Task goal:
Look through the entries below for the line with "Some of the words" and the line with "this 1920×1080 image.", then give again exactly those two lines and all lines between them, minus the pictures.

Excerpted data:
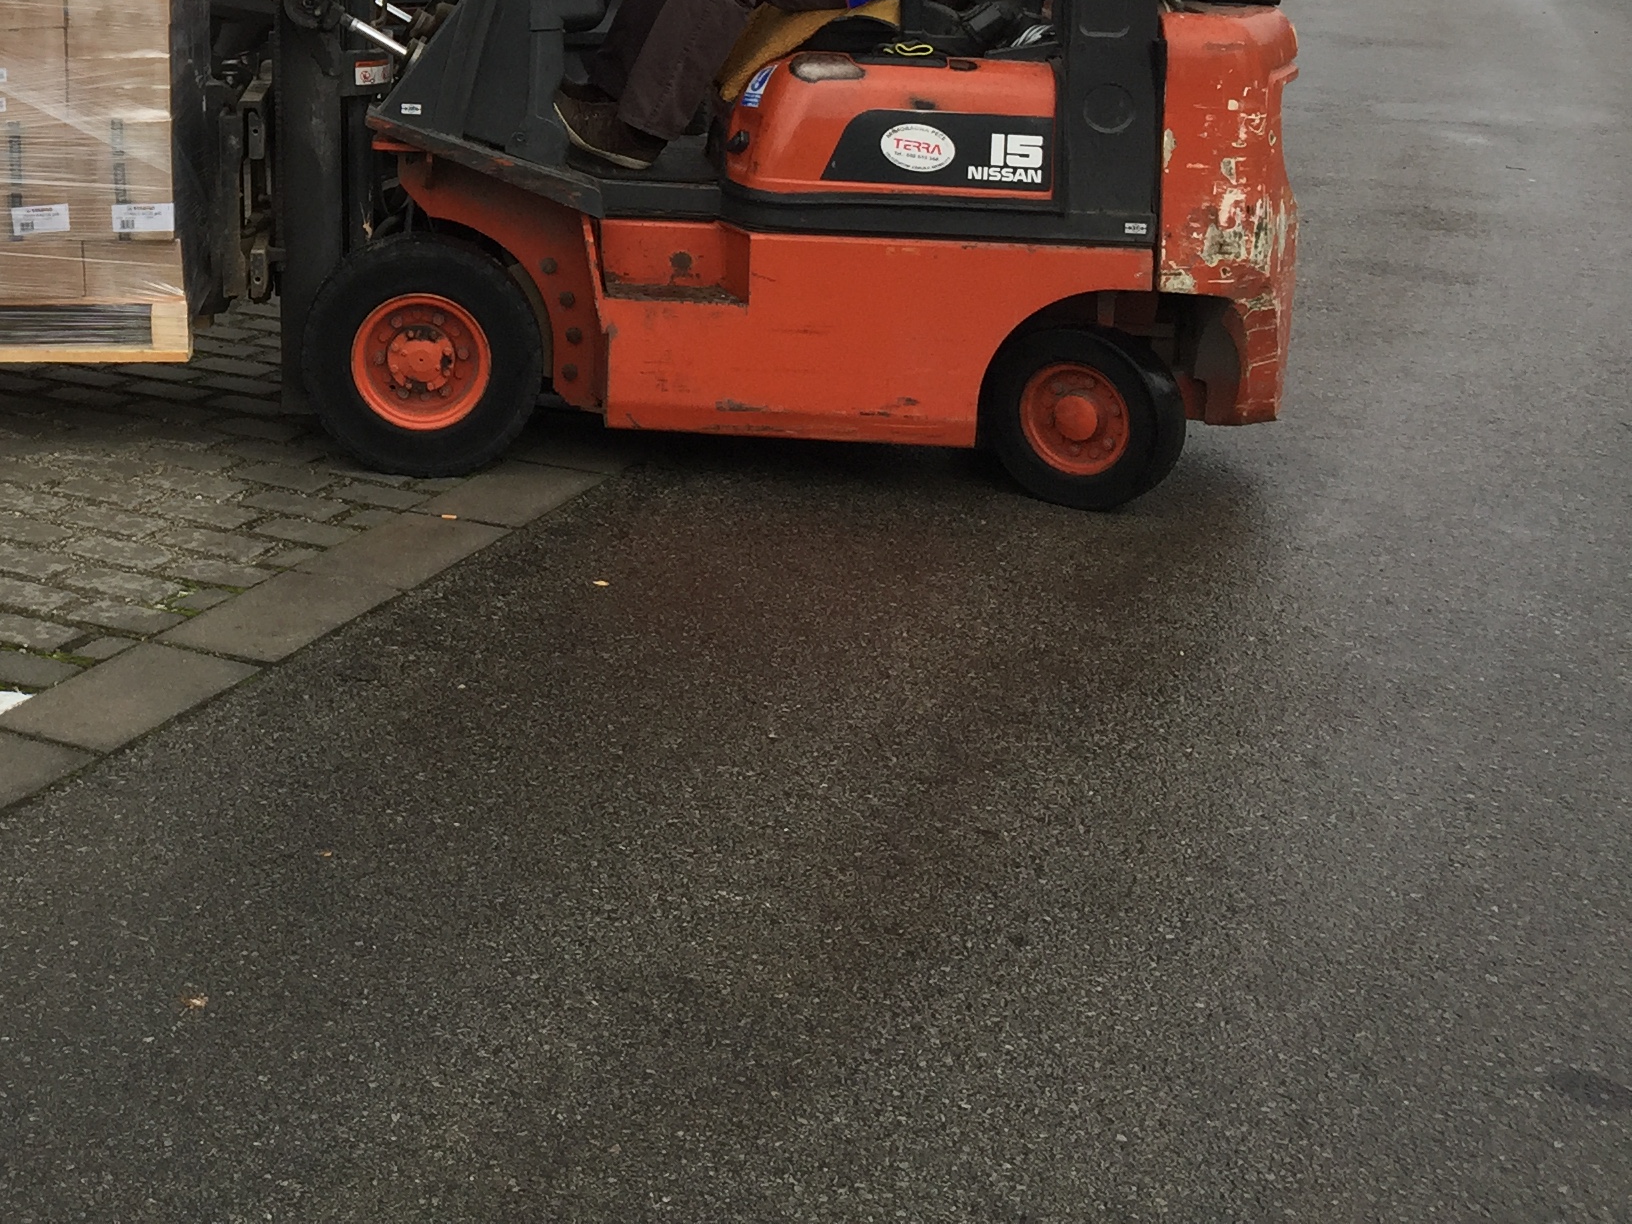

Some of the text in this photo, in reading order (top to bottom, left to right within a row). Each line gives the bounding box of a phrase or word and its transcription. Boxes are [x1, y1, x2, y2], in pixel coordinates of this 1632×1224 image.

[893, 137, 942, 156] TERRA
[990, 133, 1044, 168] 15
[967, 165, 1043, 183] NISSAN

==

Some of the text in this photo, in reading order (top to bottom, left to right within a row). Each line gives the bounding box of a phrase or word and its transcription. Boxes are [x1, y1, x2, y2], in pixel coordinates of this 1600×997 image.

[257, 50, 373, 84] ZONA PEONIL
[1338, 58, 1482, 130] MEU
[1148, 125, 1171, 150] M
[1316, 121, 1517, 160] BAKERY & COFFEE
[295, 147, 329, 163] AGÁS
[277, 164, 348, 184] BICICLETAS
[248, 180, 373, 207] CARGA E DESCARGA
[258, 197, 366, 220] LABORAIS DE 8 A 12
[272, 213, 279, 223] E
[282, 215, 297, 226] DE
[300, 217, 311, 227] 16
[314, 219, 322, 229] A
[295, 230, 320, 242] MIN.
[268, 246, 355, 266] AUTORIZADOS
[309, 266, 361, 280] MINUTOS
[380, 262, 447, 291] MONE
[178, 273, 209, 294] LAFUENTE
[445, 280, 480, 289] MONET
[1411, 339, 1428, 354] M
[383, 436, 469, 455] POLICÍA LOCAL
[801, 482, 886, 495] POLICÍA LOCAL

--

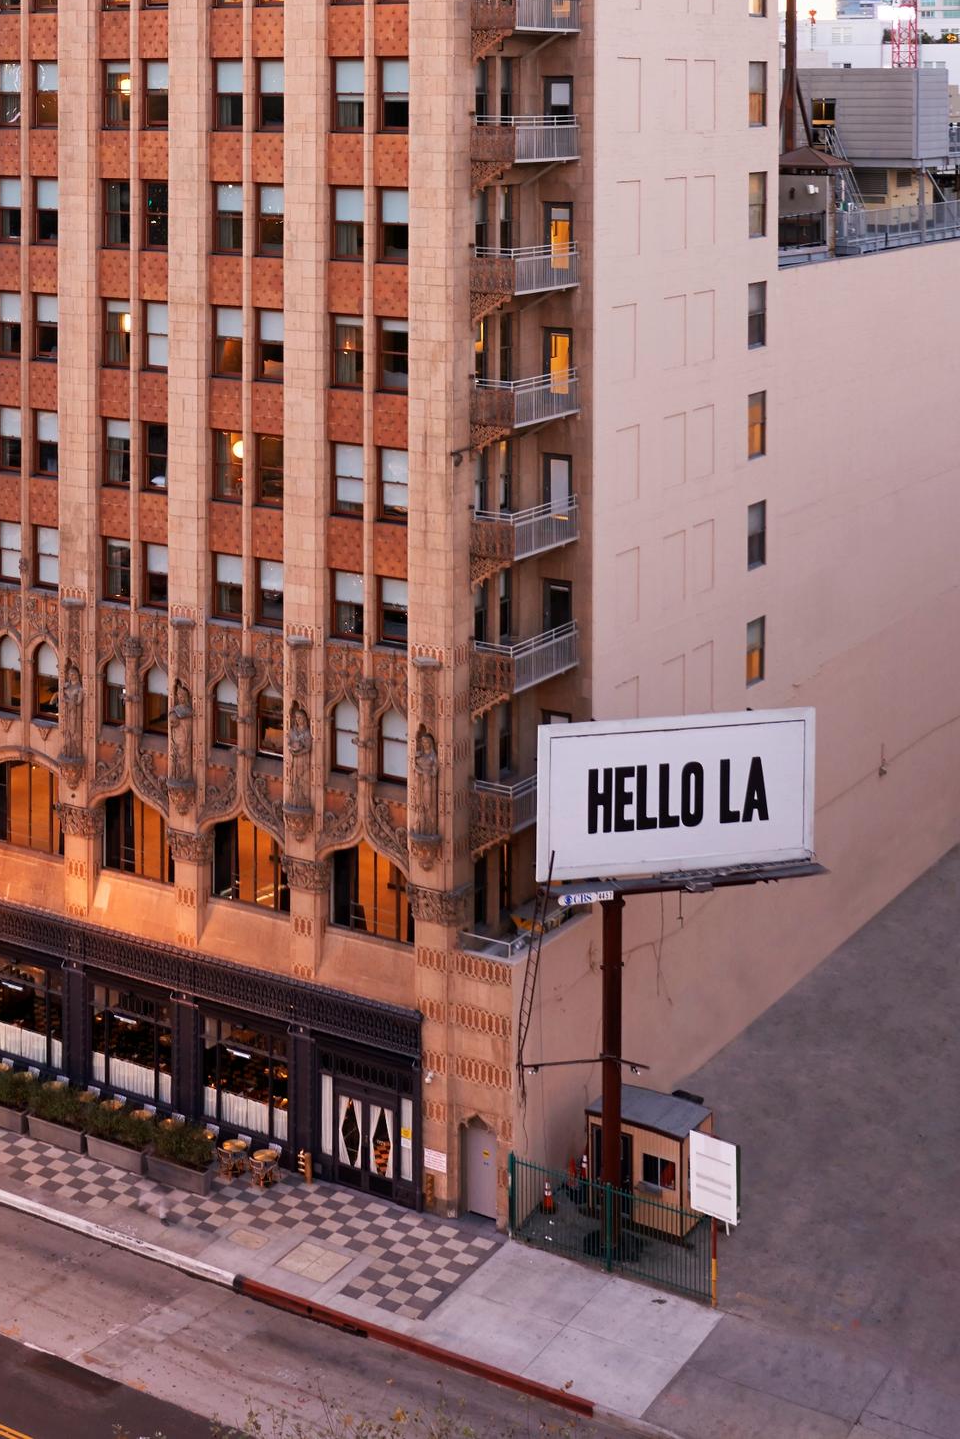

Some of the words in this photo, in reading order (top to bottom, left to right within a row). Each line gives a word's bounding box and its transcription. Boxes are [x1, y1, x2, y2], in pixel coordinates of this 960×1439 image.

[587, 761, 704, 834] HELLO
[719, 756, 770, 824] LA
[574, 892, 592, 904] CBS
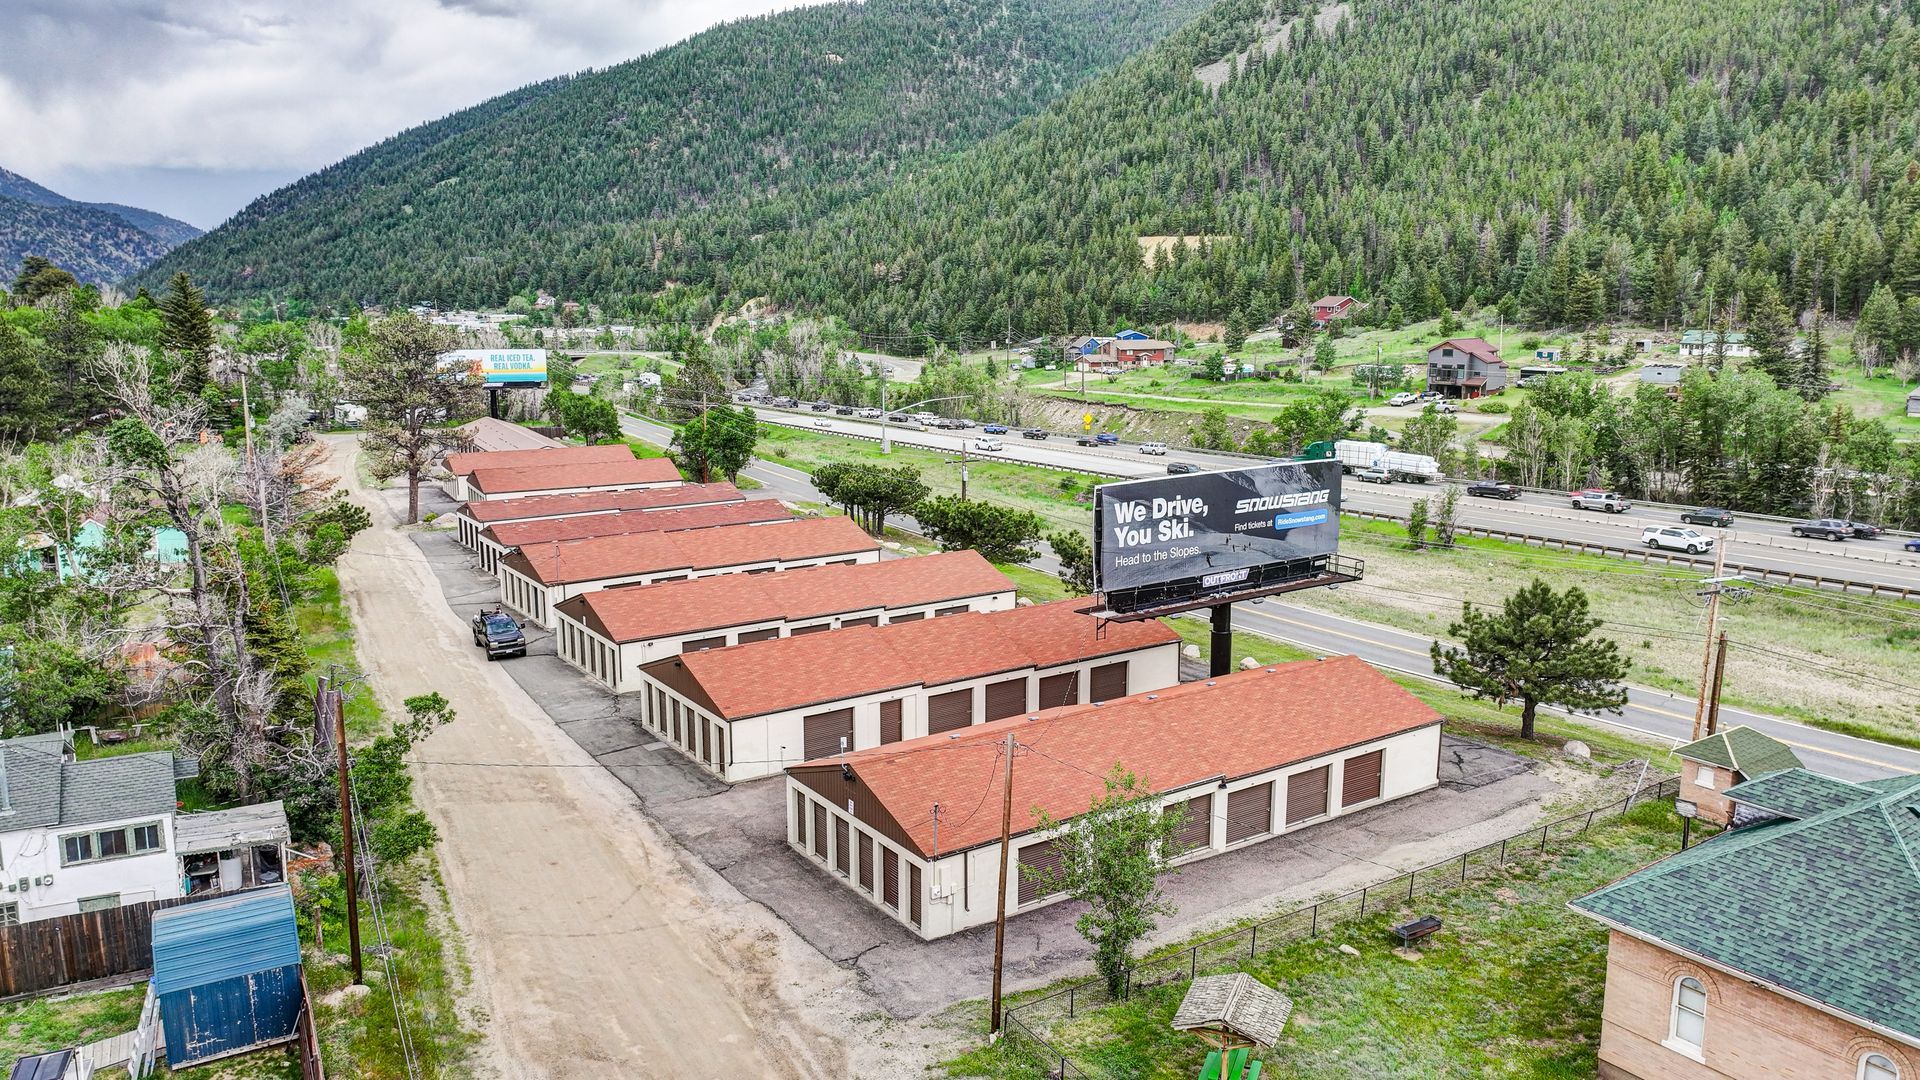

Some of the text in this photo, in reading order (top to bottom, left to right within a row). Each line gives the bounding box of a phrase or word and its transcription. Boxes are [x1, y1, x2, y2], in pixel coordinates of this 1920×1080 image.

Task response:
Some of the words in this photo, in reading order (top to bottom, left to right within a row). Each line gives a word's bounding box and its transcription. Boxes are [x1, y1, x2, y2], in pixel coordinates of this 960×1439 image.

[587, 761, 704, 834] HELLO
[719, 756, 770, 824] LA
[574, 892, 592, 904] CBS

Some of the text in this photo, in reading order (top to bottom, left to right within a row). Each line gives the bounding box of a phrase or word and its transcription. Boxes are [x1, y1, x2, y2], in pixel coordinates of this 1920×1080 image.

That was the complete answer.